The Unexpected New Winners in the Global Energy War

Western nations are forging unusual alliances to replace natural gas from Russia; ‘We pushed the accelerator to the maximum’

A natural-gas facility in the Sahara in Algeria. ENI

BIR REBAA, Algeria—Once-obscure corners of the energy world, from offshore Congo to Azerbaijan, are booming as Europe finds new sources of natural gas to replace the Russian supplies that once powered the continent. The shift is redrawing the world’s energy map at a rapid clip.

In Bir Rebaa, deep in the Sahara, the Italian energy company Eni and Algeria’s state-owned energy company are drilling dozens of wells, producing gas from previously untapped fields in a matter of months.

Three pipelines beneath the Mediterranean Sea connect Algeria’s vast gas reserves to Europe. For much of the last decade, Russian gas giant Gazprom had kept prices low, pushing suppliers like Algeria out of the European market.
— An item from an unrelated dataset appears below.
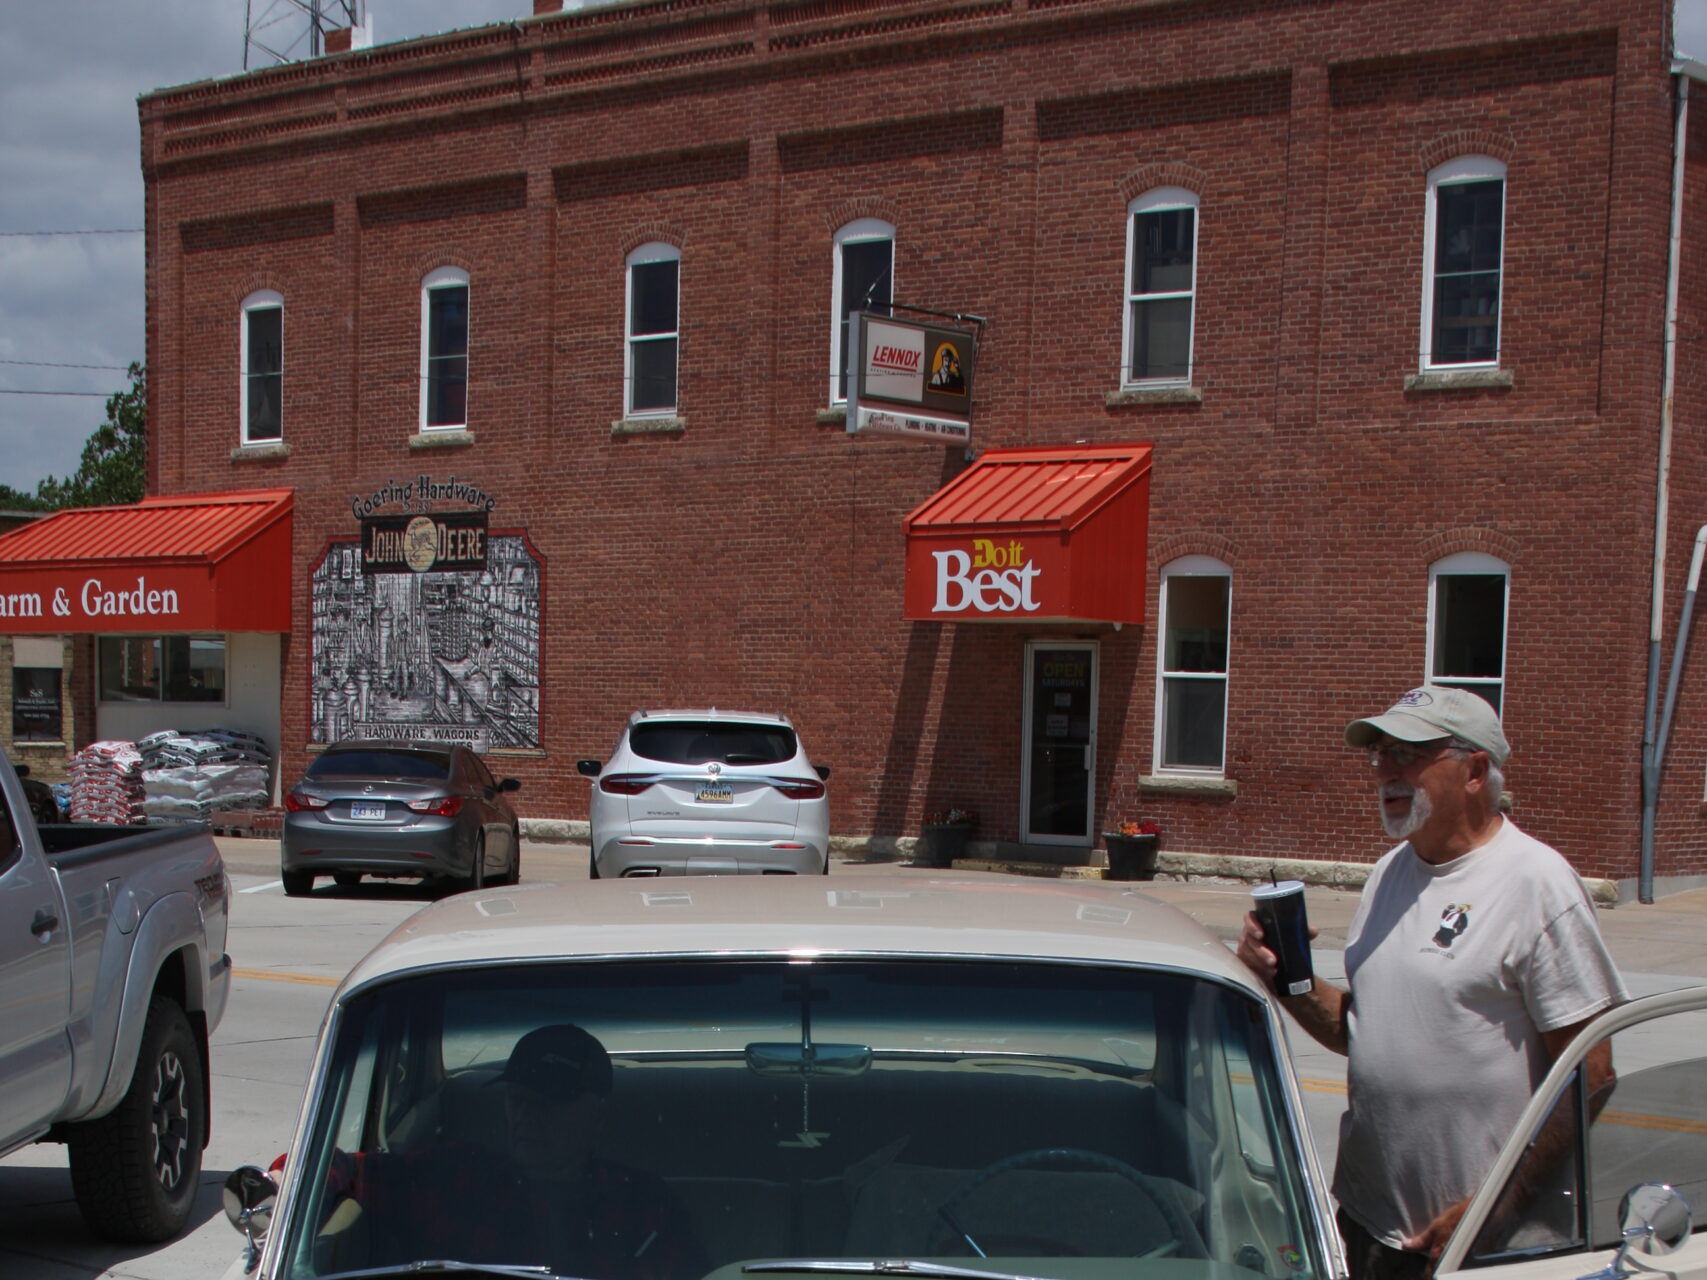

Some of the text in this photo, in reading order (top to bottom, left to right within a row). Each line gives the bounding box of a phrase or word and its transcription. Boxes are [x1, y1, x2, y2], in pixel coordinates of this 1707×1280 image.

Algeria has long had a strong alliance with Russia, buying large amounts of weapons from Moscow. Europe’s sudden thirst for Algerian natural gas is challenging that relationship. 
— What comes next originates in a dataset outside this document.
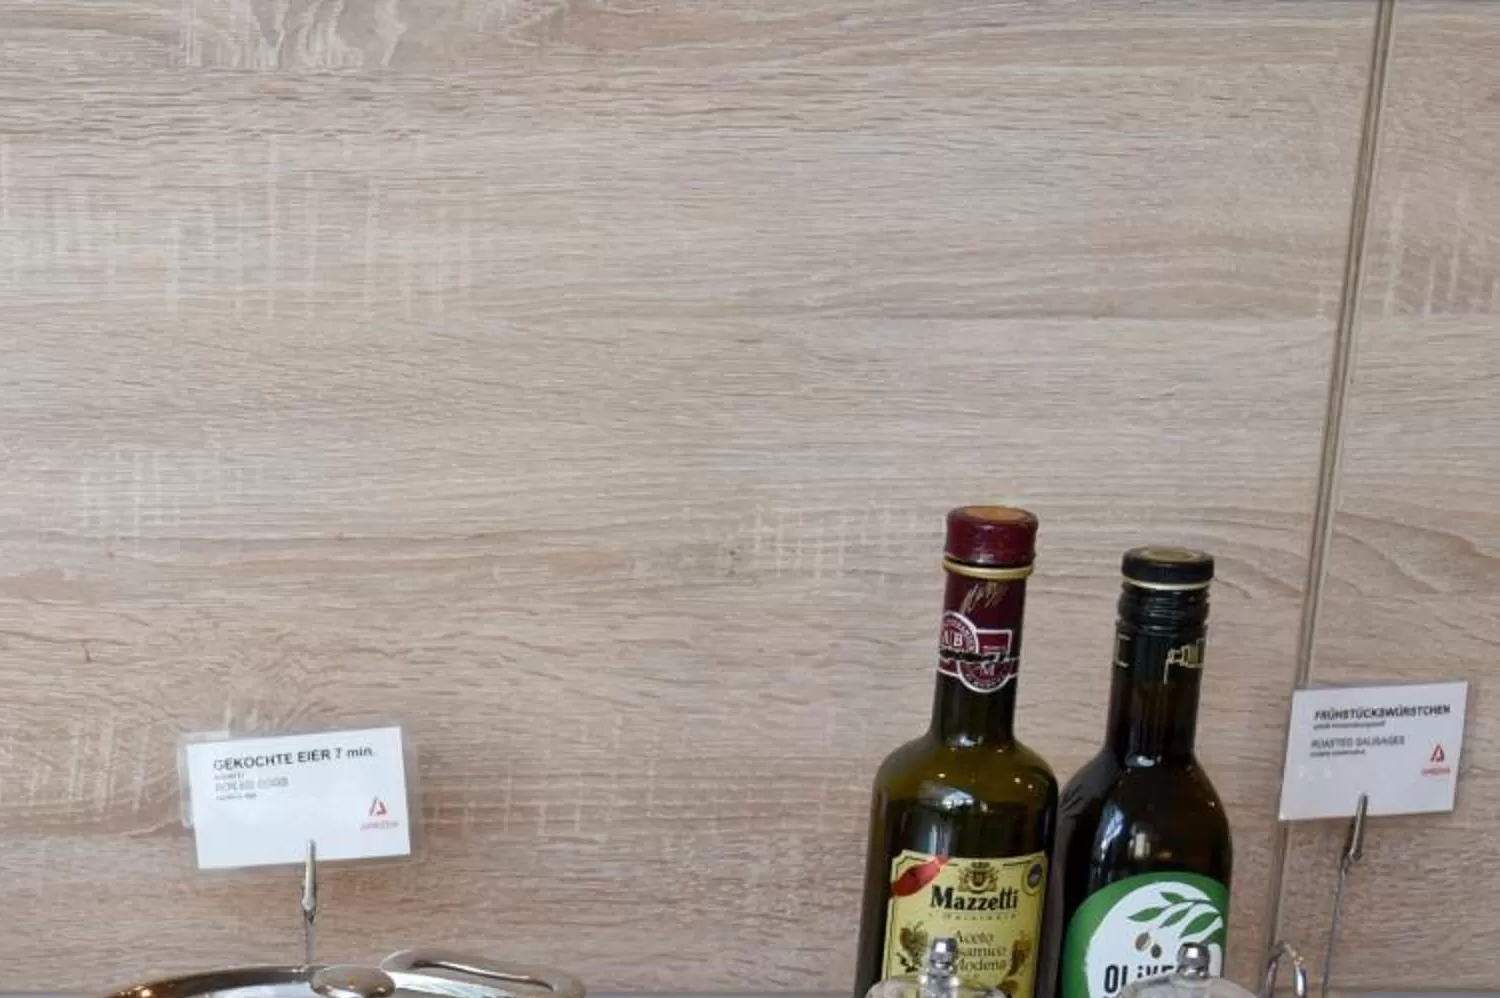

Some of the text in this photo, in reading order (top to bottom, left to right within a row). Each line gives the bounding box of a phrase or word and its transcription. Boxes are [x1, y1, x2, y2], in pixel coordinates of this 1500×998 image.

[213, 752, 293, 770] GEKOCHTE
[297, 750, 332, 762] EIER
[334, 748, 343, 759] 7
[930, 885, 1019, 910] Mazzetti
“We have friendship and political ties, but business is business,” Mohamed Arkab, Algeria’s energy minister, said in an interview.

Algerian officials are negotiating new gas deals with buyers in Germany, the Netherlands and elsewhere in Europe. Italy’s Eni is making major investments in Algerian production. The Algerian government is in talks with U.S. giants Chevron and Exxon Mobil on deals that would enable the companies to produce gas in the country for the first time.

A consortium led by London-based BP is boosting gas production in Azerbaijan, located in the former Soviet republic in the Caucasus. A 2,100-mile string of pipelines connects Azerbaijan to the heel of Italy. Azeri officials say they are ahead of schedule on a pledge to double gas deliveries to Europe by 2027. 

Eni is close to producing liquefied natural gas from a facility floating off the coast of Congo.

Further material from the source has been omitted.